Directions for this task: Exactly the lines from the one that contains "this 1616×909 image." through the end of the material below are to be output, the first and last included.

Source data:

....

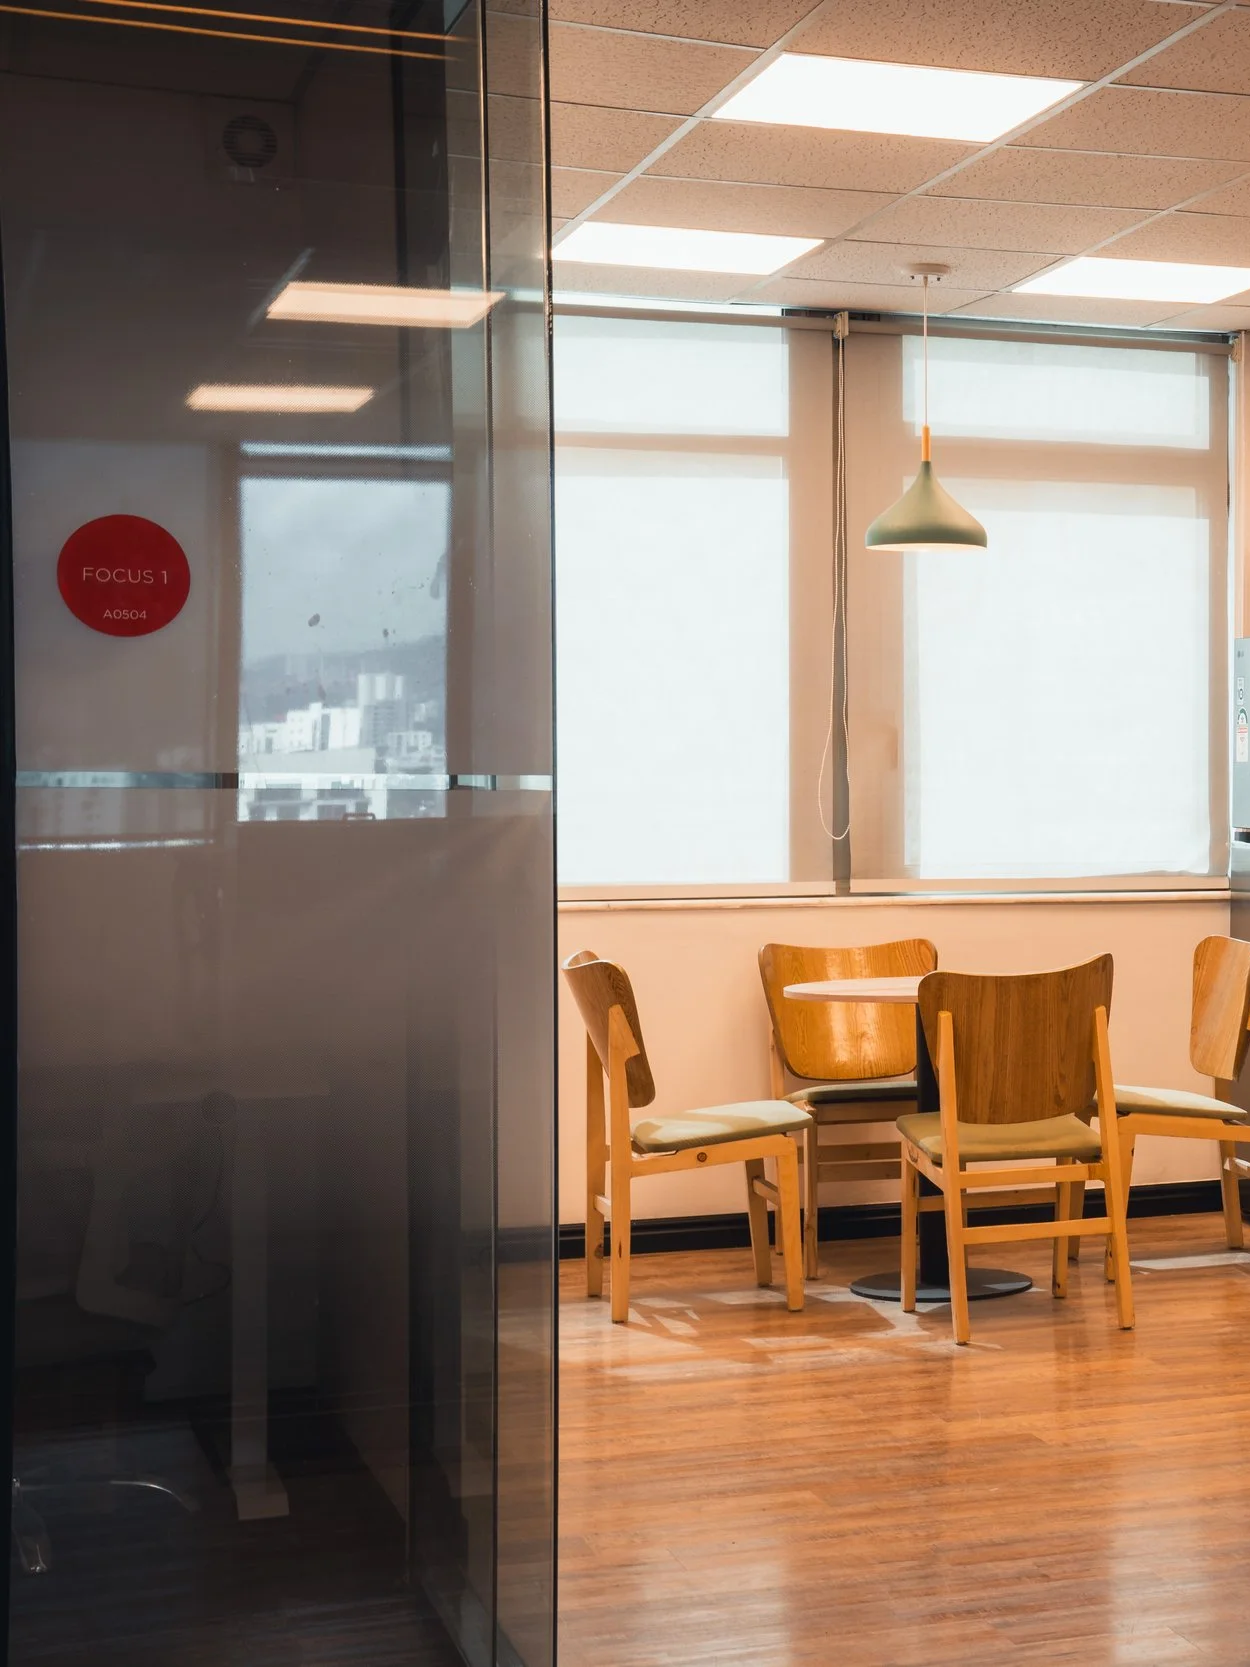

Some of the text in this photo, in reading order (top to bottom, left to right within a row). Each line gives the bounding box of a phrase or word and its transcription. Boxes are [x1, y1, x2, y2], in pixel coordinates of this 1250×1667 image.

[82, 567, 168, 585] FOCUS 1
[103, 609, 147, 620] A0504
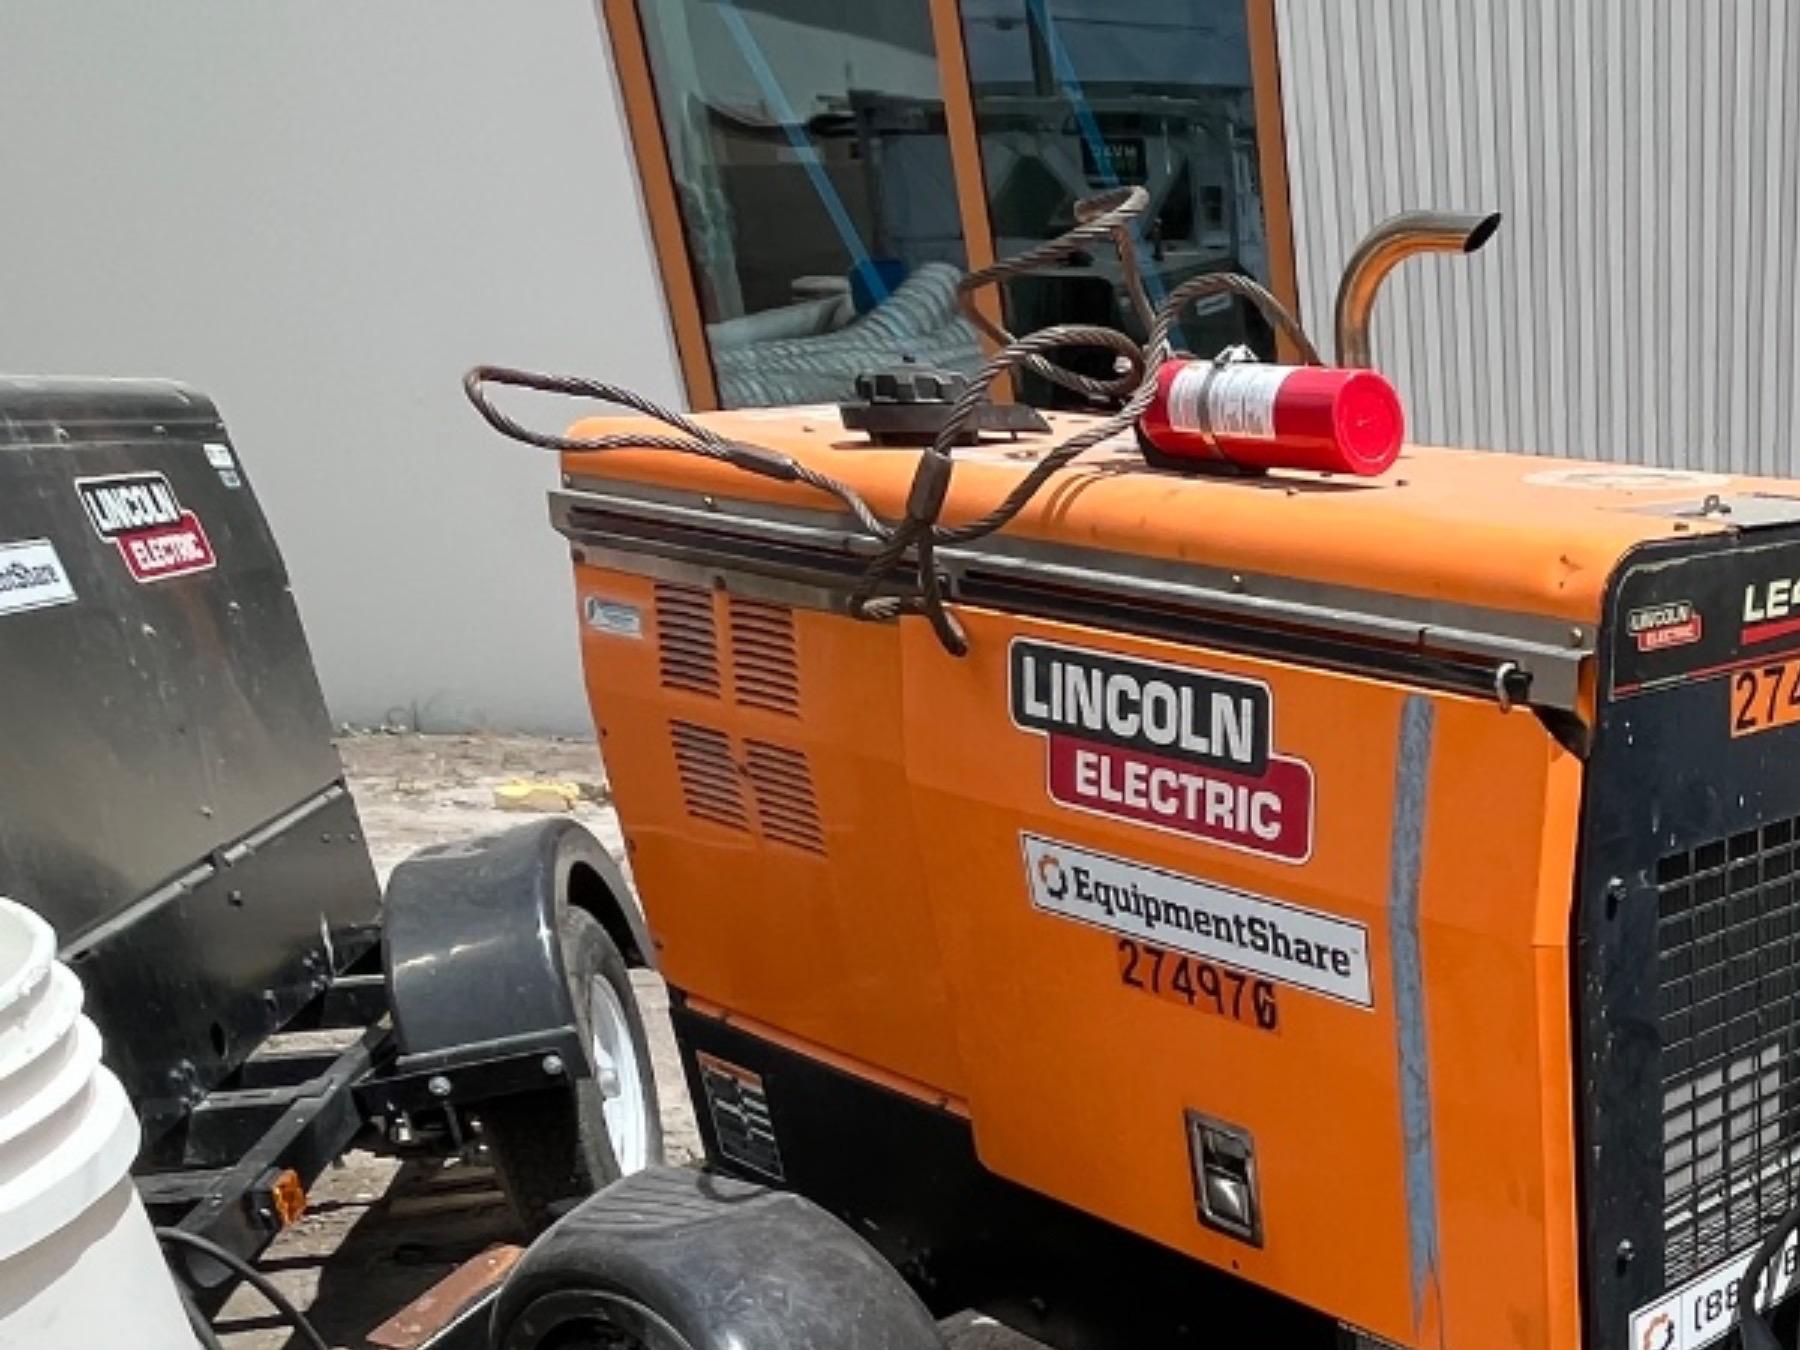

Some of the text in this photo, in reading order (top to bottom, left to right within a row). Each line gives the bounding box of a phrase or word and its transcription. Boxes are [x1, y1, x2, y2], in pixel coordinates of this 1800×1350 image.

[83, 483, 180, 531] LINCOLN
[129, 532, 206, 570] ELECTRIC
[1022, 655, 1254, 763] LINCOLN
[1075, 749, 1282, 841] ELECTRIC
[1072, 865, 1352, 977] EquipmentShare
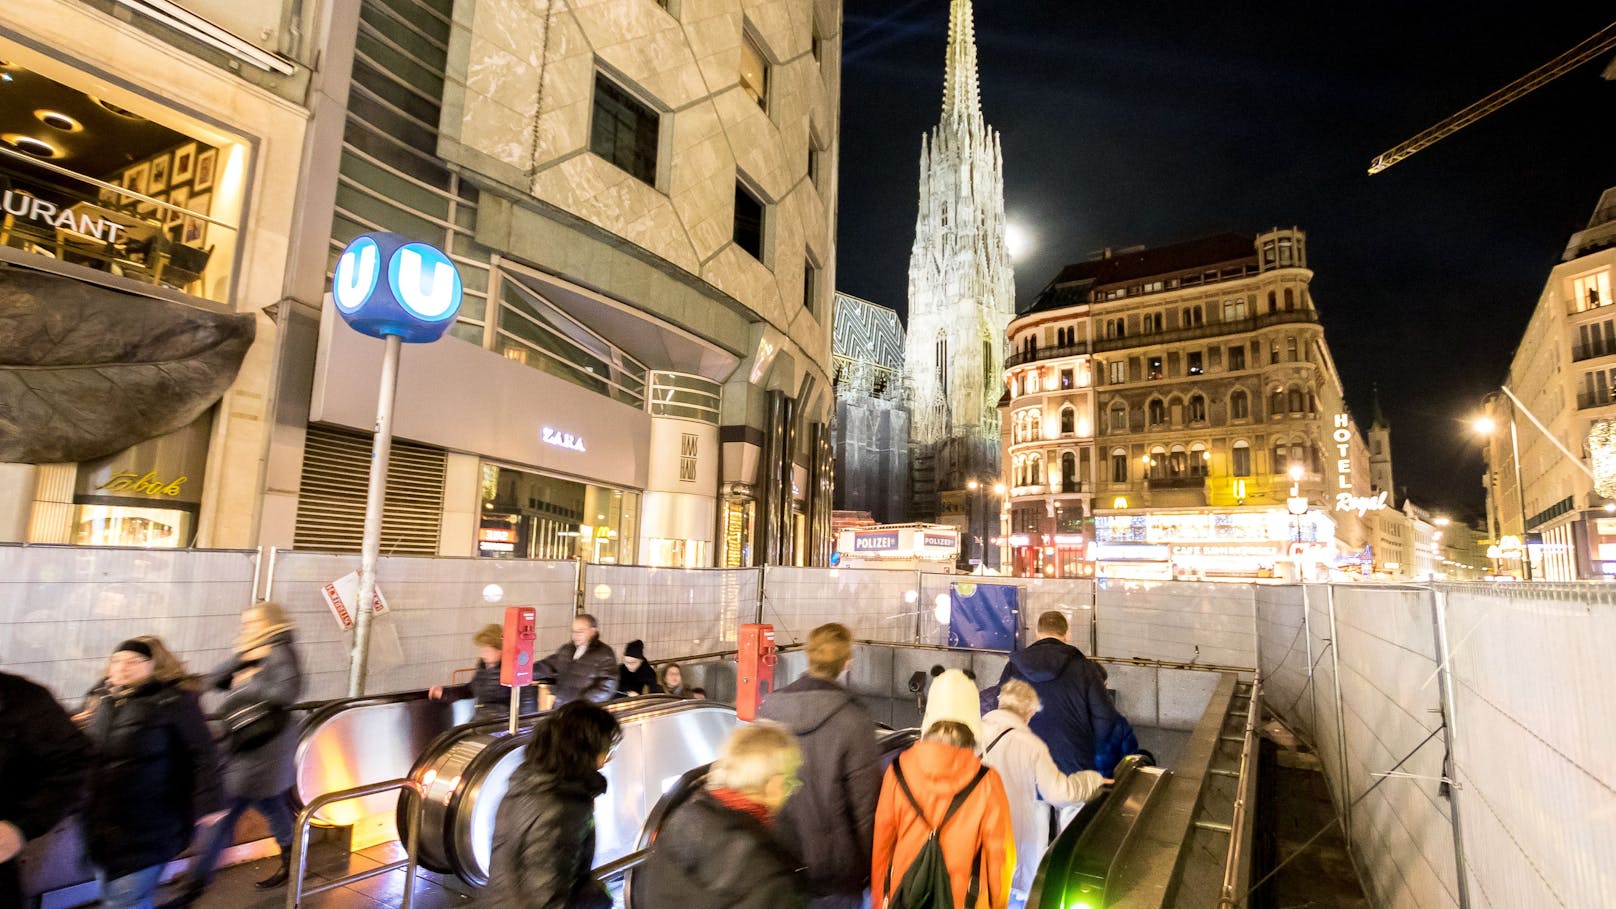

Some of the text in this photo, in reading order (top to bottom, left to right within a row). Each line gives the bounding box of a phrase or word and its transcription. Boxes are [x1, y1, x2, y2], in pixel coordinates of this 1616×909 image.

[0, 190, 126, 243] URANT
[338, 245, 376, 308] U
[398, 248, 455, 317] U
[542, 427, 587, 452] ZARA
[681, 435, 698, 457] HAAS
[1333, 413, 1352, 489] HOTEL
[680, 458, 697, 480] HAUS
[1335, 491, 1389, 518] Royal
[856, 537, 891, 549] POLIZEI
[924, 537, 951, 546] POLIZEI

....

Task output:
Some of the text in this photo, in reading order (top to bottom, left to right within a row). Each line gives the bounding box of a phrase or word and its transcription. Boxes are [x1, y1, x2, y2], in pixel coordinates of this 1616×909 image.

[0, 190, 126, 243] URANT
[338, 245, 376, 308] U
[398, 248, 455, 317] U
[542, 427, 587, 452] ZARA
[681, 435, 698, 457] HAAS
[1333, 413, 1352, 489] HOTEL
[680, 458, 697, 480] HAUS
[1335, 491, 1389, 518] Royal
[856, 537, 891, 549] POLIZEI
[924, 537, 951, 546] POLIZEI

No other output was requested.